* Task brief *
Set down each of the records below exactly as it reads. No pictures go into the copy.

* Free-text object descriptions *

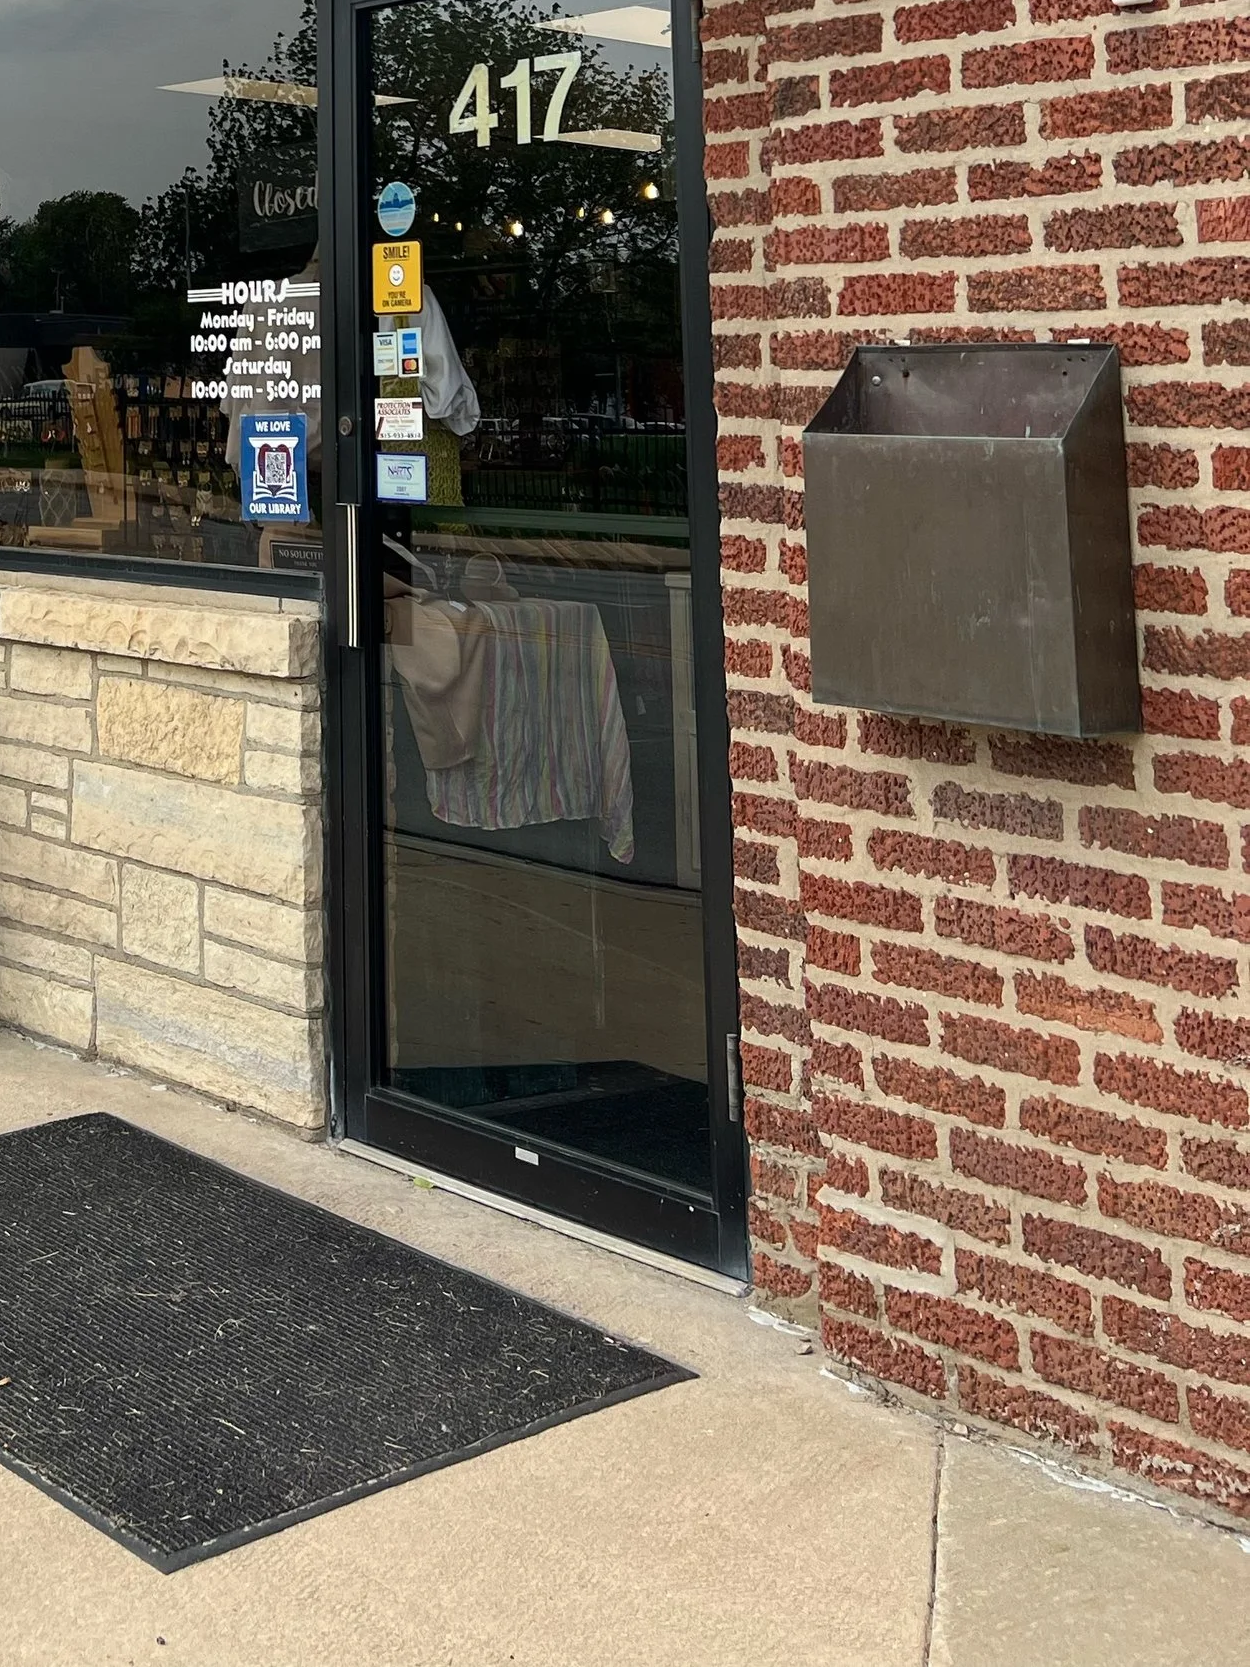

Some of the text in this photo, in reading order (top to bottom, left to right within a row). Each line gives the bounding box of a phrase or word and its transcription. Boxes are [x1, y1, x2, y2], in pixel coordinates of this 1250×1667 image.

[449, 51, 582, 149] 417
[253, 170, 319, 217] Closed
[383, 245, 410, 260] SMILE!
[221, 278, 291, 305] HOURS
[387, 291, 406, 300] YOU'RE
[382, 298, 412, 308] ON CAMERA
[200, 310, 255, 333] Monday
[267, 307, 315, 330] Friday
[190, 334, 228, 352] 10:00
[230, 337, 253, 352] am
[265, 331, 300, 351] 6:00
[222, 356, 292, 380] Saturday
[191, 381, 228, 399] 10:00
[230, 384, 254, 399] am
[266, 380, 300, 402] 5:00
[255, 420, 291, 432] WE LOVE
[249, 503, 302, 515] OUR LIBRARY
[278, 549, 290, 558] NO
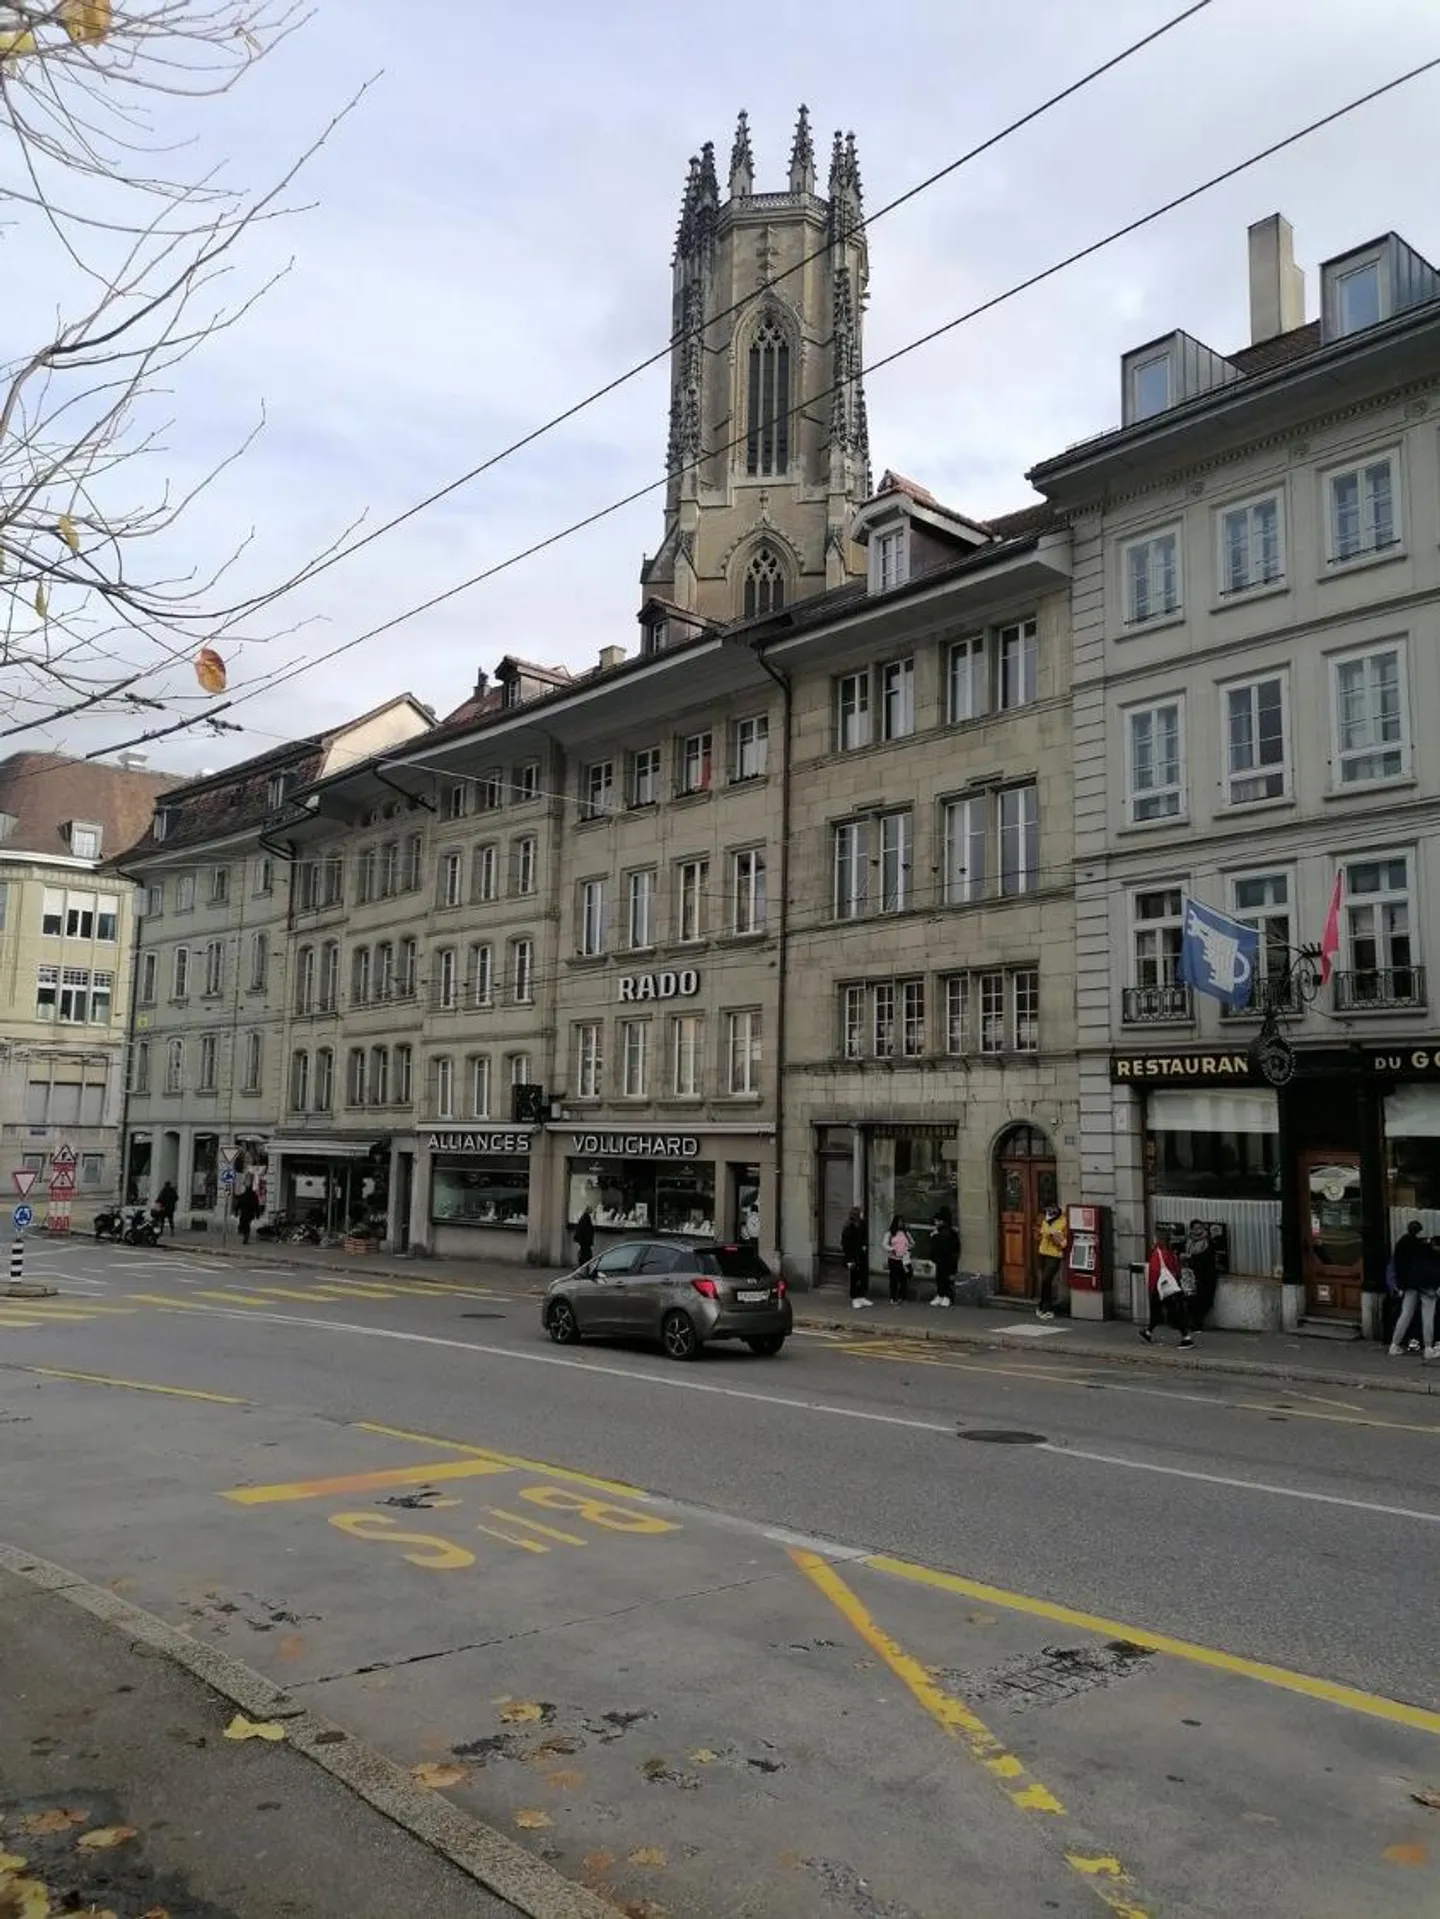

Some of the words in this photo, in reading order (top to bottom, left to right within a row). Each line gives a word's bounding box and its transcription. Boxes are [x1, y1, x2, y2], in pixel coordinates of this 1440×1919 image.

[618, 970, 698, 1001] RADO
[1117, 1056, 1249, 1077] RESTAURAN
[1374, 1056, 1402, 1071] DU
[428, 1133, 529, 1151] ALLIANCES
[573, 1135, 698, 1155] VOLLICHARD

* Problem solution *
Some of the text in this photo, in reading order (top to bottom, left to right within a row). Each line gives the bounding box of a phrase or word and its transcription. Boxes are [x1, y1, x2, y2], in pixel coordinates of this 1250×1667 image.

[449, 51, 582, 149] 417
[253, 170, 319, 217] Closed
[383, 245, 410, 260] SMILE!
[221, 278, 291, 305] HOURS
[387, 291, 406, 300] YOU'RE
[382, 298, 412, 308] ON CAMERA
[200, 310, 255, 333] Monday
[267, 307, 315, 330] Friday
[190, 334, 228, 352] 10:00
[230, 337, 253, 352] am
[265, 331, 300, 351] 6:00
[222, 356, 292, 380] Saturday
[191, 381, 228, 399] 10:00
[230, 384, 254, 399] am
[266, 380, 300, 402] 5:00
[255, 420, 291, 432] WE LOVE
[249, 503, 302, 515] OUR LIBRARY
[278, 549, 290, 558] NO

Some of the words in this photo, in reading order (top to bottom, left to right within a row). Each line gives a word's bounding box and its transcription. Boxes are [x1, y1, x2, y2], in pixel coordinates of this 1440×1919 image.

[618, 970, 698, 1001] RADO
[1117, 1056, 1249, 1077] RESTAURAN
[1374, 1056, 1402, 1071] DU
[428, 1133, 529, 1151] ALLIANCES
[573, 1135, 698, 1155] VOLLICHARD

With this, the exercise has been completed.